Game of Benchmarks: Season 1 - Episode 4: Transition and transition team.

Transition to a different world is difficult, more difficult than inventing a better world from scratch. In this episode, I’m looking at the transition.

There are probably more questions than answers. But, as you know,

In mathematics, the art of posing a question is more important than the art of solving one.
Georg Cantor, 1867.

Is transition important?


Valuation of flow derivatives, and in particular Libor linked derivatives, and the associated collateral discounting framework are vanilla in name but certainly not simple if you have to implement them from first principles. The impact of features that were considered before the Great Financial Crisis (GFC) as “details” are nowadays very significant. You can not simply replace one benchmark by another and hope for the best. There are numerous items to take care of, like valuation framework, non linear effects, convexity adjustment, risk management strategies, liquidity, regulatory impacts, etc. I don’t know if, from a purely legal perspective, you can replace a benchmark with something else by using a legal trick - like an act of parliament, as suggested by some lawyer — but certainly not from a financial perspective.
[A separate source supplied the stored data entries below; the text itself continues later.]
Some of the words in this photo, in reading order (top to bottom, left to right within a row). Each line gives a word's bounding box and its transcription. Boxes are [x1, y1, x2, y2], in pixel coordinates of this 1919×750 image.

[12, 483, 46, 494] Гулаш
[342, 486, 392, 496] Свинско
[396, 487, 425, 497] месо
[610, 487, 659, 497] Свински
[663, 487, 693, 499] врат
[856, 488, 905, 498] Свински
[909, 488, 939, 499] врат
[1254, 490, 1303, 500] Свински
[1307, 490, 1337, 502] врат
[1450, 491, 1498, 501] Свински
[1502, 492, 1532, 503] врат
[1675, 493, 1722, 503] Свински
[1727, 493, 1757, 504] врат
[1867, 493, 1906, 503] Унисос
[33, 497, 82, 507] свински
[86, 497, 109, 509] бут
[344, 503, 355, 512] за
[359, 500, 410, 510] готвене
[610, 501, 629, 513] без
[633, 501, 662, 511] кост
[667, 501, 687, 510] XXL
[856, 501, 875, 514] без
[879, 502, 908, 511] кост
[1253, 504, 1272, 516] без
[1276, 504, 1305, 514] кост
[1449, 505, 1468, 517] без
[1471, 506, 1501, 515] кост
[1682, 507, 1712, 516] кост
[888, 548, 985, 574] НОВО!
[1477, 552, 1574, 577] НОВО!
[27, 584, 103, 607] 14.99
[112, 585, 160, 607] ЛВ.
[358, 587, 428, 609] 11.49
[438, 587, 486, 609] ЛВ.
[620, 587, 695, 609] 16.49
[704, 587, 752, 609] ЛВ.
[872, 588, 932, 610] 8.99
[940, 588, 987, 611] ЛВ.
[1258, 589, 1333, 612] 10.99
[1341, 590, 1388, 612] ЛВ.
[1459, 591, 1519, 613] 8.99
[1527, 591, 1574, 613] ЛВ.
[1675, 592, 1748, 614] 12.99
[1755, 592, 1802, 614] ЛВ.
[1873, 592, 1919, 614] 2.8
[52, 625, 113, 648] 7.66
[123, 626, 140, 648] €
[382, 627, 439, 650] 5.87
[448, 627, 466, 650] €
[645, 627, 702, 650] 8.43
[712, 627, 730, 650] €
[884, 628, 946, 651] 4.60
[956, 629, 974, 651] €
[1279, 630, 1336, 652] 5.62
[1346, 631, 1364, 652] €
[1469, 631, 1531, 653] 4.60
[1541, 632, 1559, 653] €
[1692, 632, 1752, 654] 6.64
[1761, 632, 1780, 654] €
From a financial perspective, changing a benchmark will create winners and losers. Selecting a new benchmark and imposing it on everybody (with or without spread) may look easier from an external eye, but is only removing some symptom on the short term, not the disease. Derivatives are not only a legal document or a value, there are mainly a risk management strategy, often spanning over several decades. To successfully deal with a change of benchmark, one needs to create new strategies for those decades of risk management.

Behind each derivative linked to a benchmark there is a risk management strategy (or risk taking one, but this is a very small part). If Libor is changed or discontinued, one has to review each contract individually, reassess the risk management strategy - including all the collateral, regulatory and valuation aspects - and have a bespoke new strategy. Imposing an external artificial solution is not helping on that review. If your review concludes that the proposed solution does not fit perfectly your needs, you have anyway to engage in discussion with the trade counterparts on what to do; if the proposed solution fit exactly the strategy you designed, there was no need of an external solution as you had created it already. Whatever the proposed default solution is, I don’t see how it could fit the requirement of the majority. Not that I know that the choice that still has to be made will be bad, it is that I know that there are many diverse reasons to use benchmark-linked derivatives and a unique solution can not cover the majority of those reasons.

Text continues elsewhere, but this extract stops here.